____ Provided data

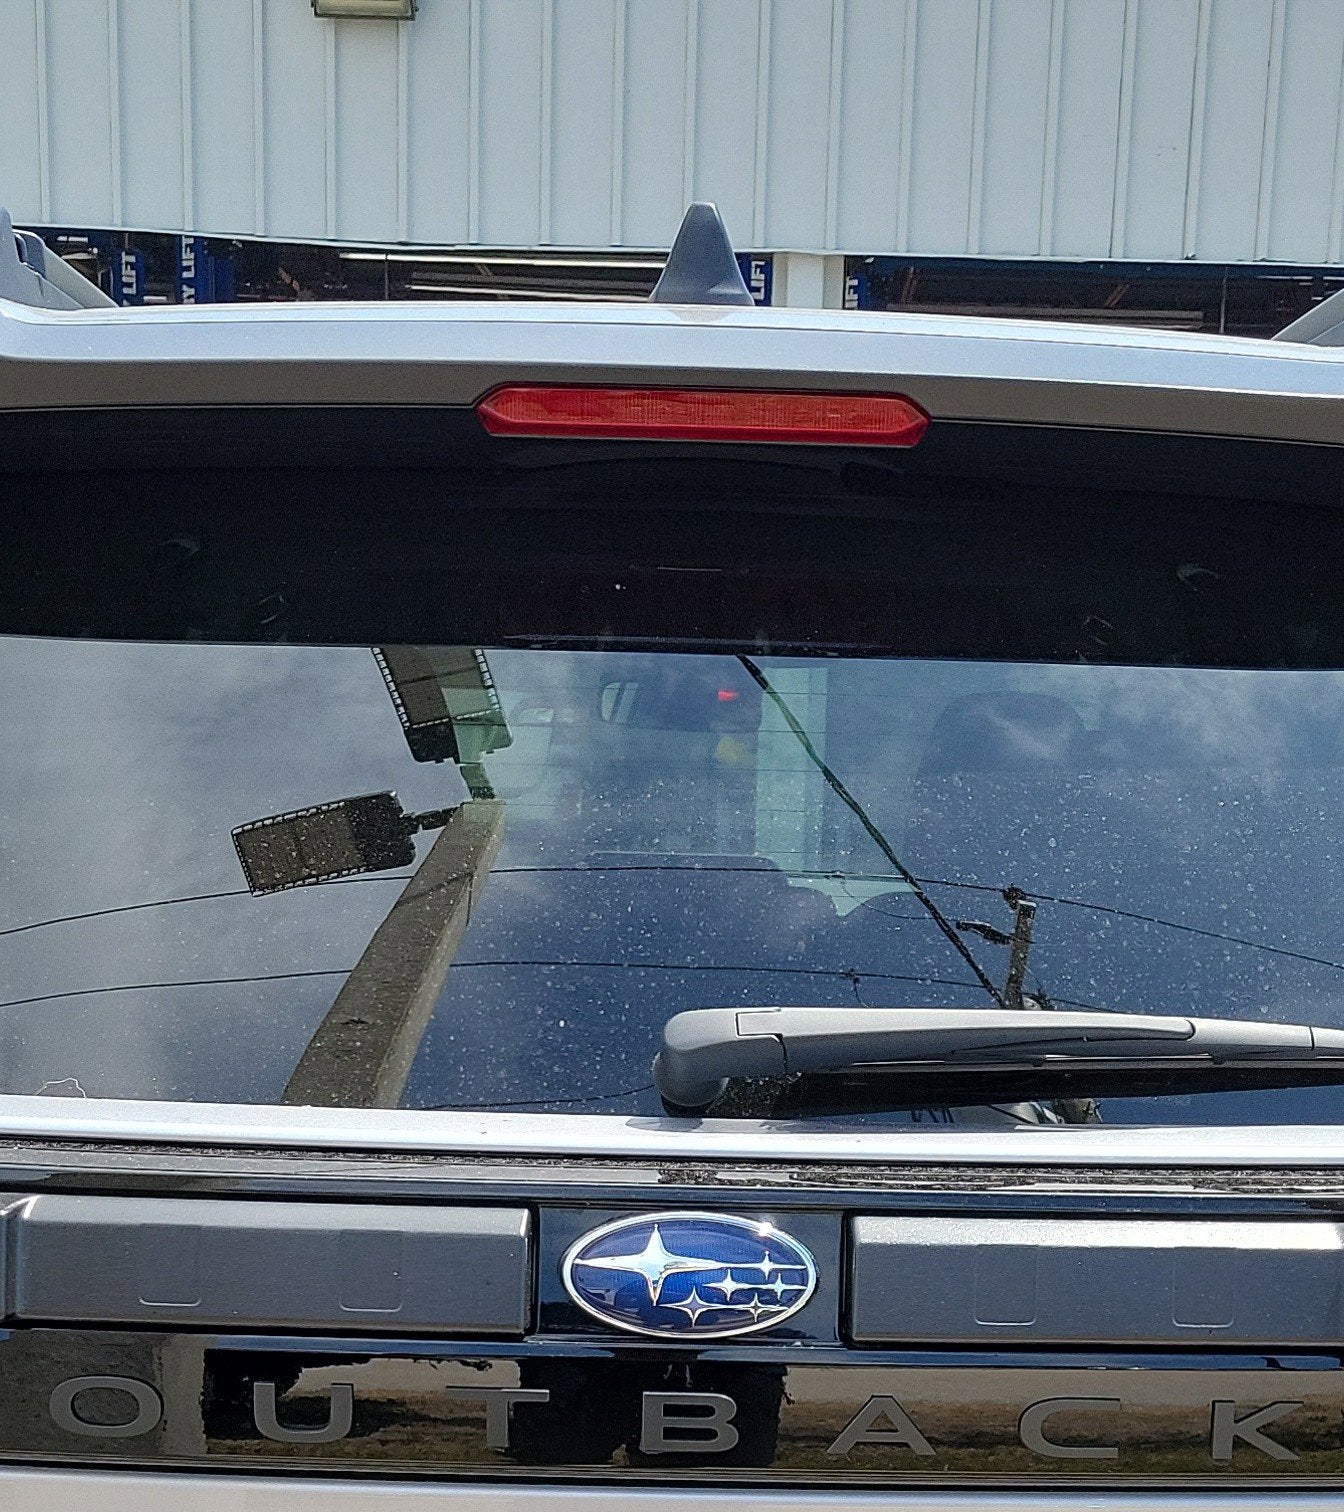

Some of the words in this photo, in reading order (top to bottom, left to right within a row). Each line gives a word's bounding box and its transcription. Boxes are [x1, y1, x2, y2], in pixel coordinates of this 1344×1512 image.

[121, 251, 136, 295] LIFT
[182, 235, 195, 278] LIFT
[750, 260, 766, 300] LIFT
[845, 276, 858, 308] IFT
[49, 1376, 1304, 1461] OUTBACK
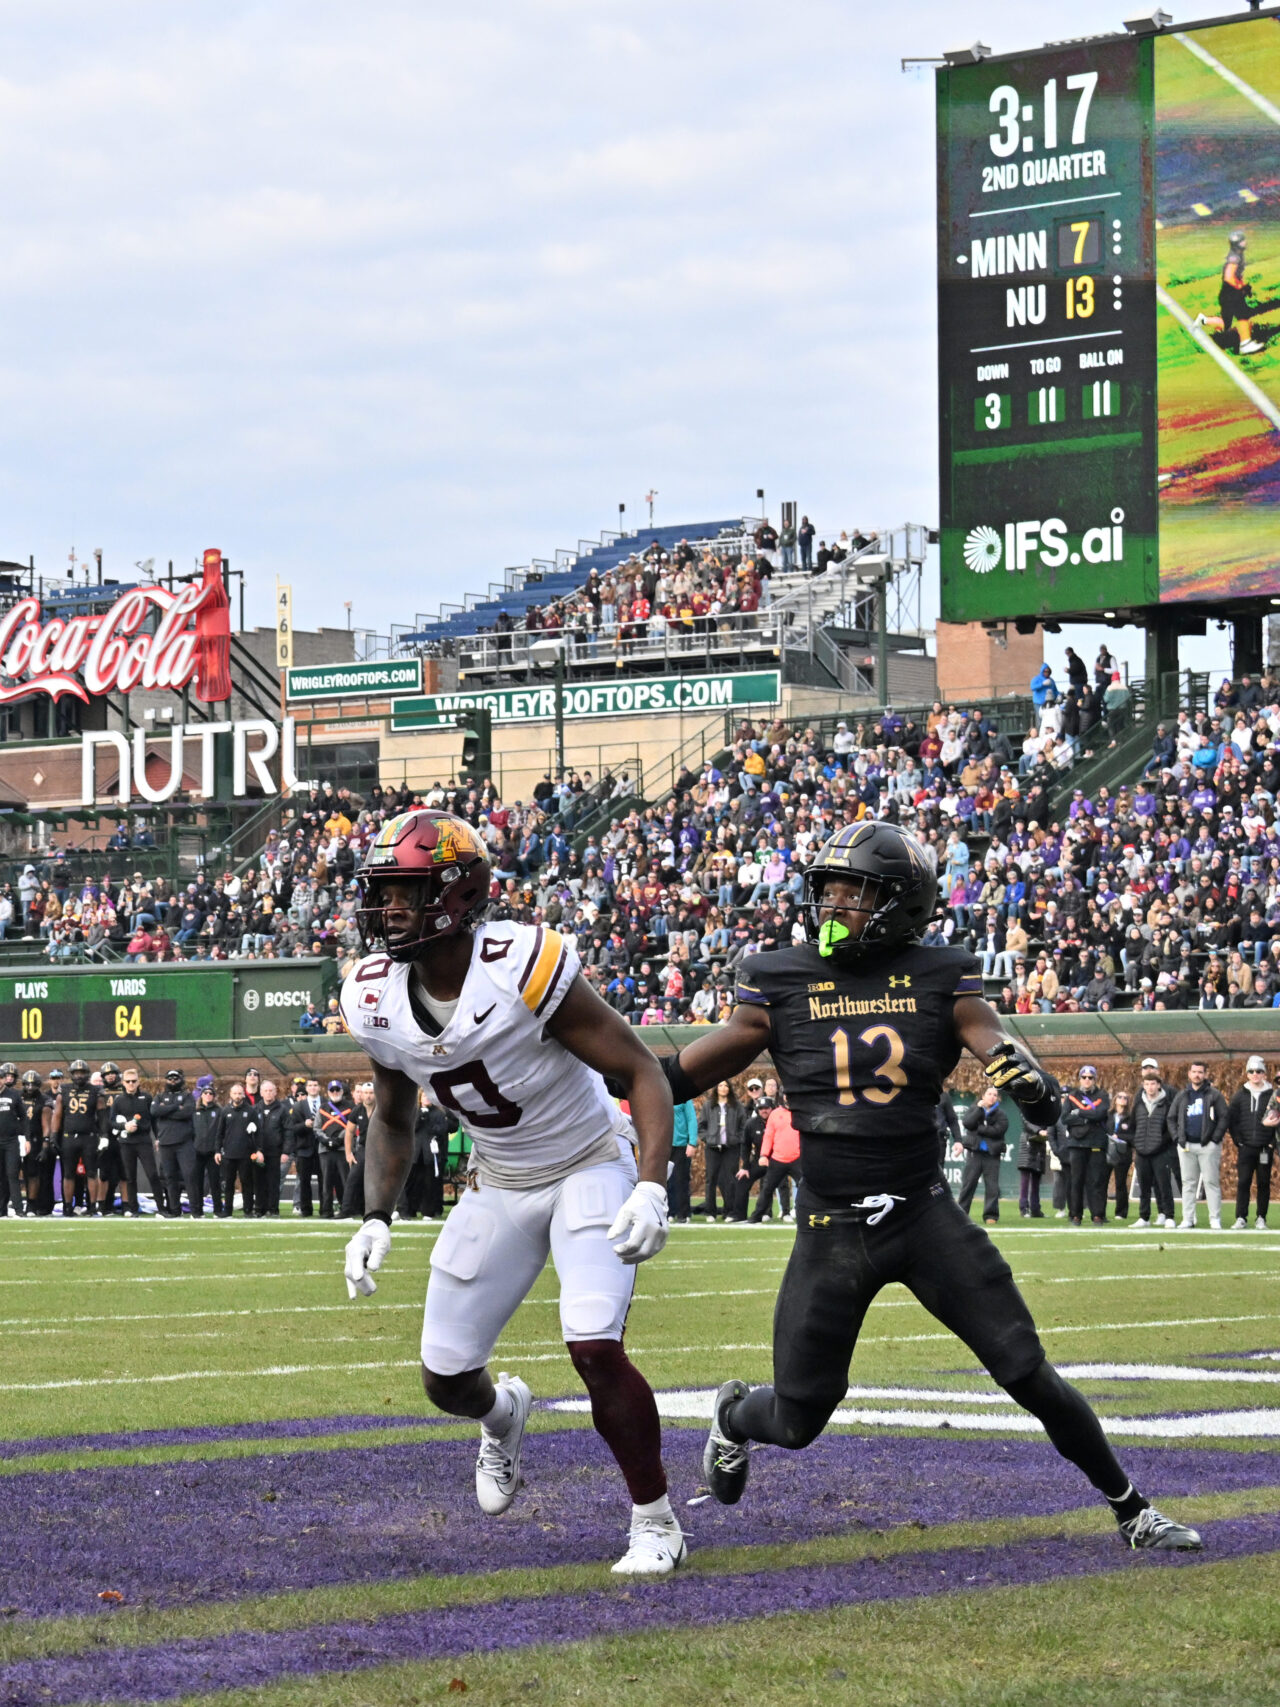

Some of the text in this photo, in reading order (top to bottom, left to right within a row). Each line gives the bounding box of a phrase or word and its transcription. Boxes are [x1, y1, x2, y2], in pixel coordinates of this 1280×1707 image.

[989, 71, 1099, 158] 3:17
[981, 150, 1106, 193] 2ND QUARTER
[971, 221, 1089, 279] MINN 7
[1006, 275, 1095, 328] NU 13
[977, 348, 1123, 381] DOWN TO GO BALL ON
[984, 380, 1111, 430] 3 11 11
[1005, 507, 1124, 572] IFS.ai
[291, 667, 416, 691] WRIGLEYROOFTOPS.COM
[15, 981, 49, 999] PLAYS
[110, 978, 147, 997] YARDS
[264, 990, 311, 1008] BOSCH
[114, 1004, 144, 1039] 64
[808, 992, 917, 1021] Northwestern
[21, 1008, 43, 1041] 10
[830, 1026, 908, 1106] 13
[69, 1097, 88, 1114] 95
[429, 1059, 523, 1128] 0
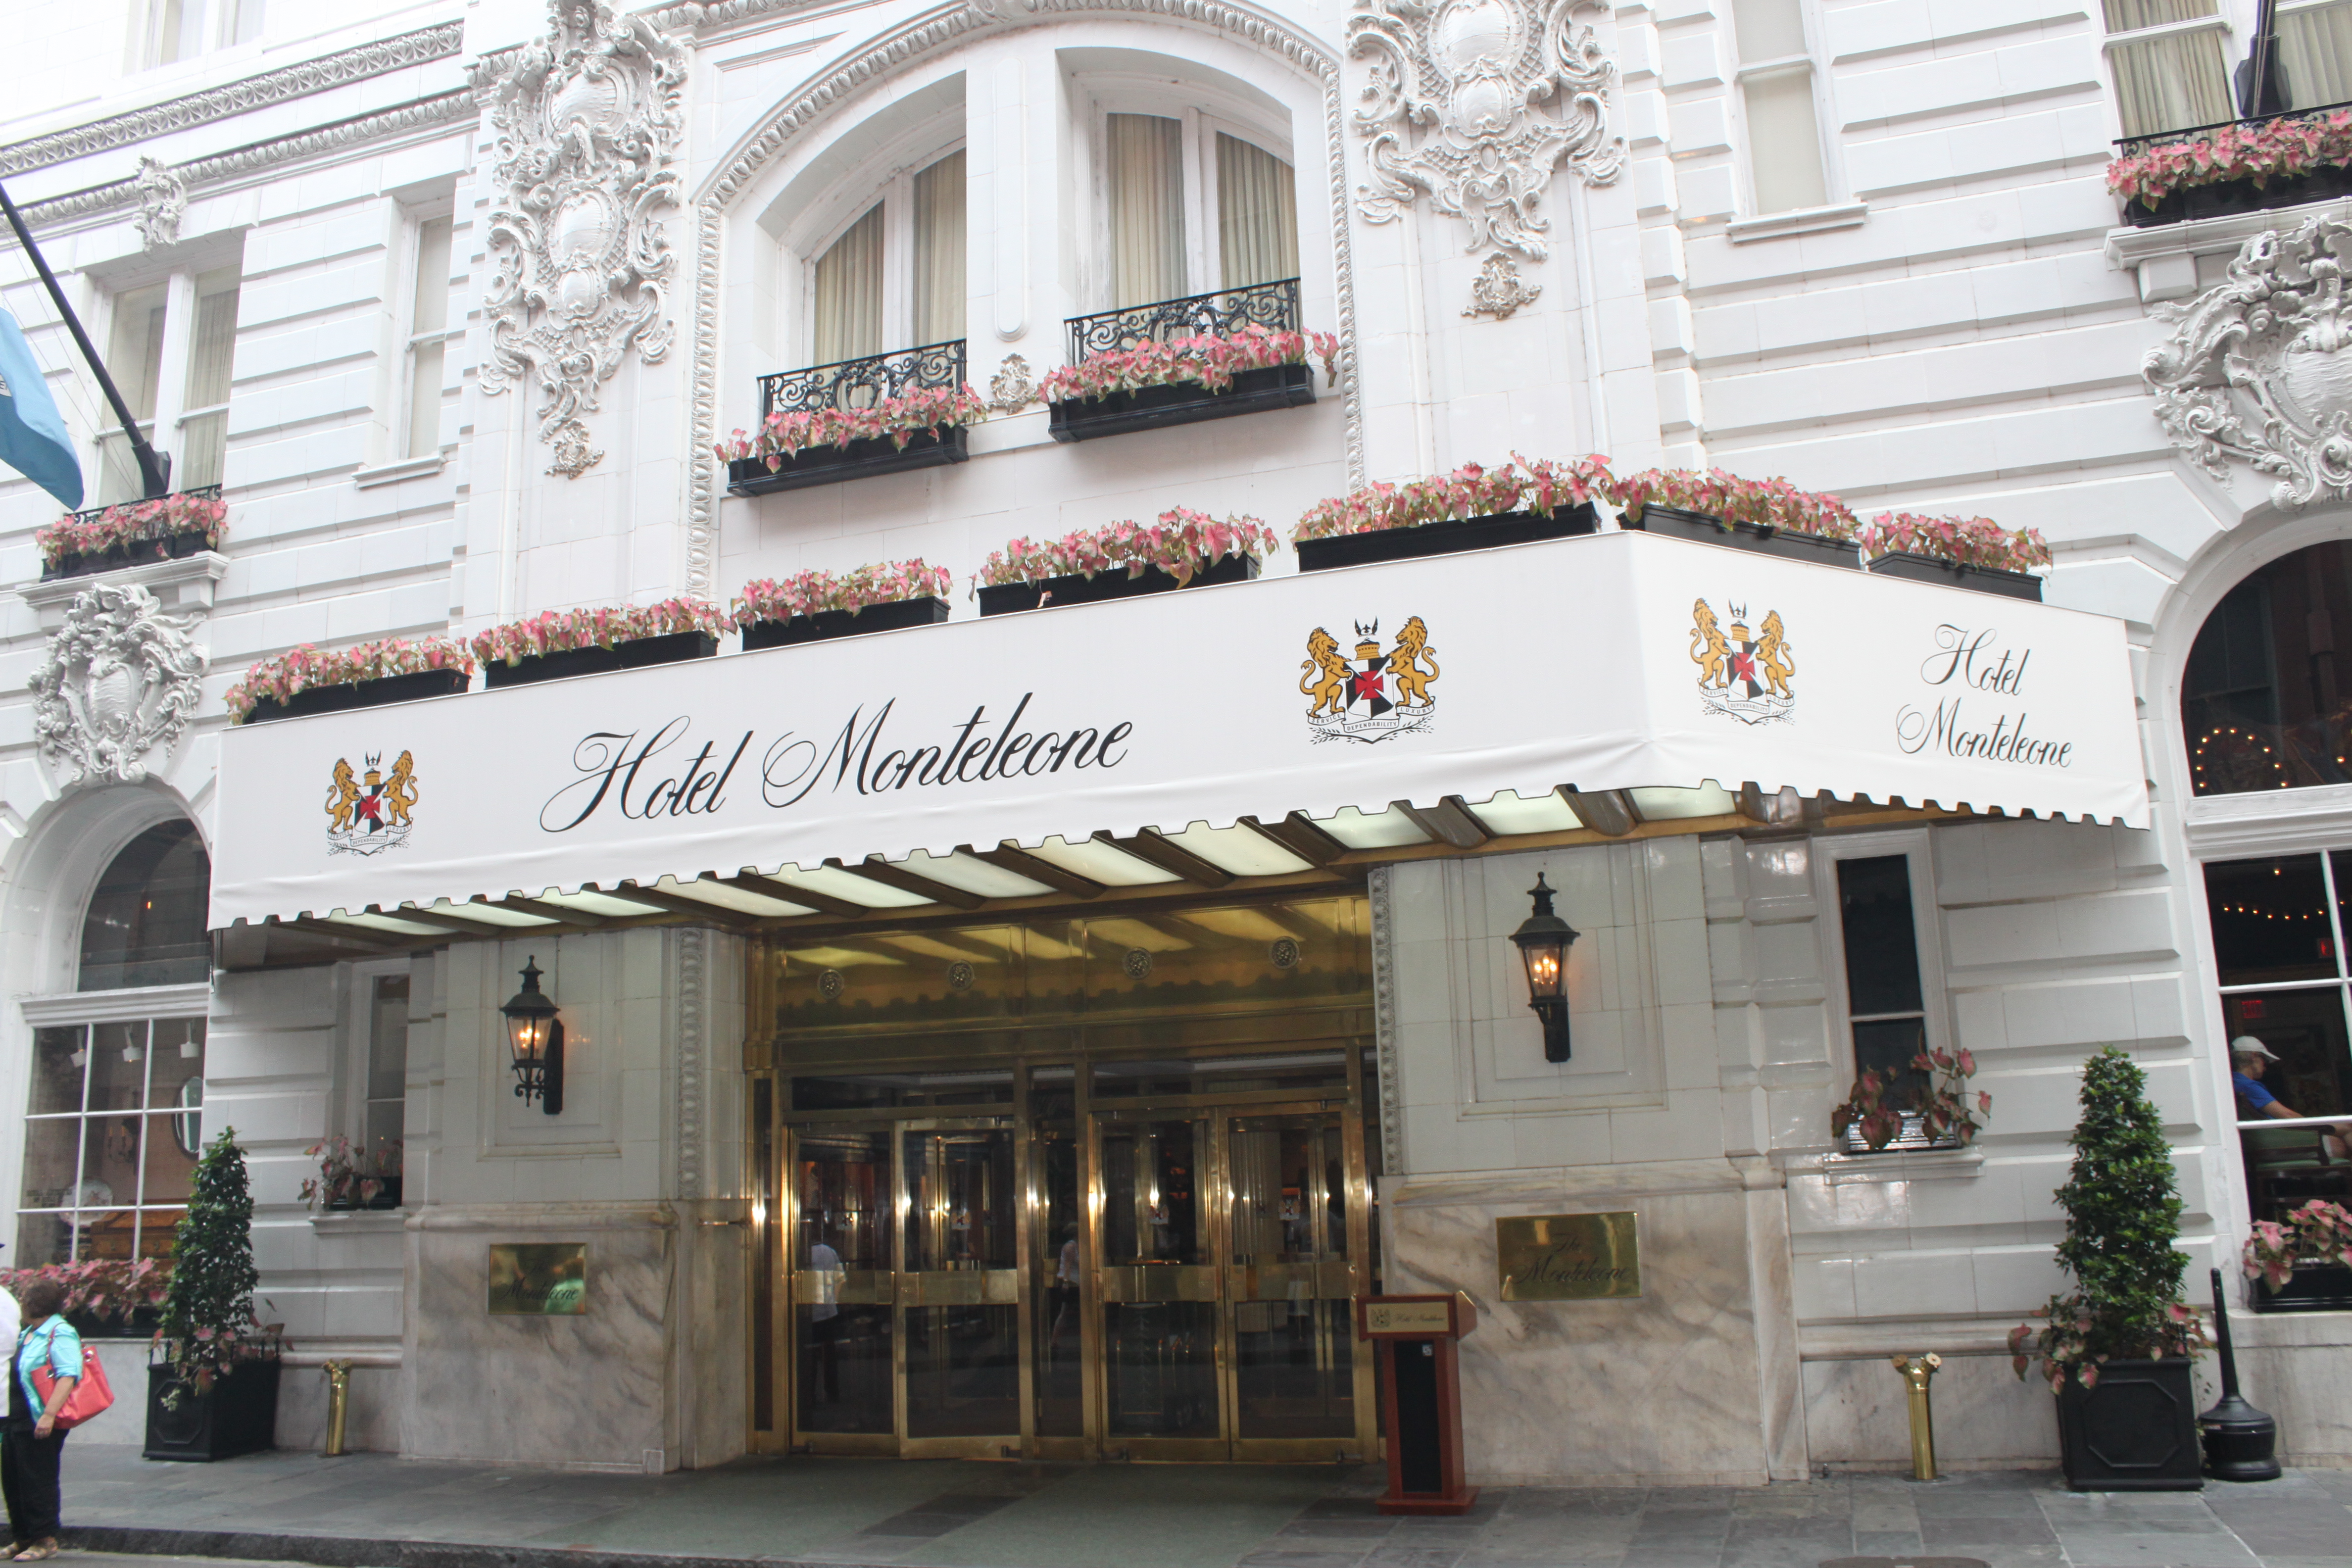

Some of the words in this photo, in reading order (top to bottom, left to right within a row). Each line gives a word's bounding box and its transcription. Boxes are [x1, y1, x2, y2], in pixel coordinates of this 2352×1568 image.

________

Your goal.
Leaving aside every picture, transcribe exactly the lines that run from the one with "Some of the text" to the close of the listing above.

Exercise output.
Some of the text in this photo, in reading order (top to bottom, left to right within a row). Each line gives the bounding box of a phrase or word and its transcription. Boxes are [x1, y1, x2, y2], in pixel coordinates of this 1280×1707 image.

[989, 71, 1099, 158] 3:17
[981, 150, 1106, 193] 2ND QUARTER
[971, 221, 1089, 279] MINN 7
[1006, 275, 1095, 328] NU 13
[977, 348, 1123, 381] DOWN TO GO BALL ON
[984, 380, 1111, 430] 3 11 11
[1005, 507, 1124, 572] IFS.ai
[291, 667, 416, 691] WRIGLEYROOFTOPS.COM
[15, 981, 49, 999] PLAYS
[110, 978, 147, 997] YARDS
[264, 990, 311, 1008] BOSCH
[114, 1004, 144, 1039] 64
[808, 992, 917, 1021] Northwestern
[21, 1008, 43, 1041] 10
[830, 1026, 908, 1106] 13
[69, 1097, 88, 1114] 95
[429, 1059, 523, 1128] 0

Some of the words in this photo, in reading order (top to bottom, left to right within a row). Each line gives a word's bounding box and its transcription. Boxes are [x1, y1, x2, y2], in pixel coordinates of this 2352×1568 image.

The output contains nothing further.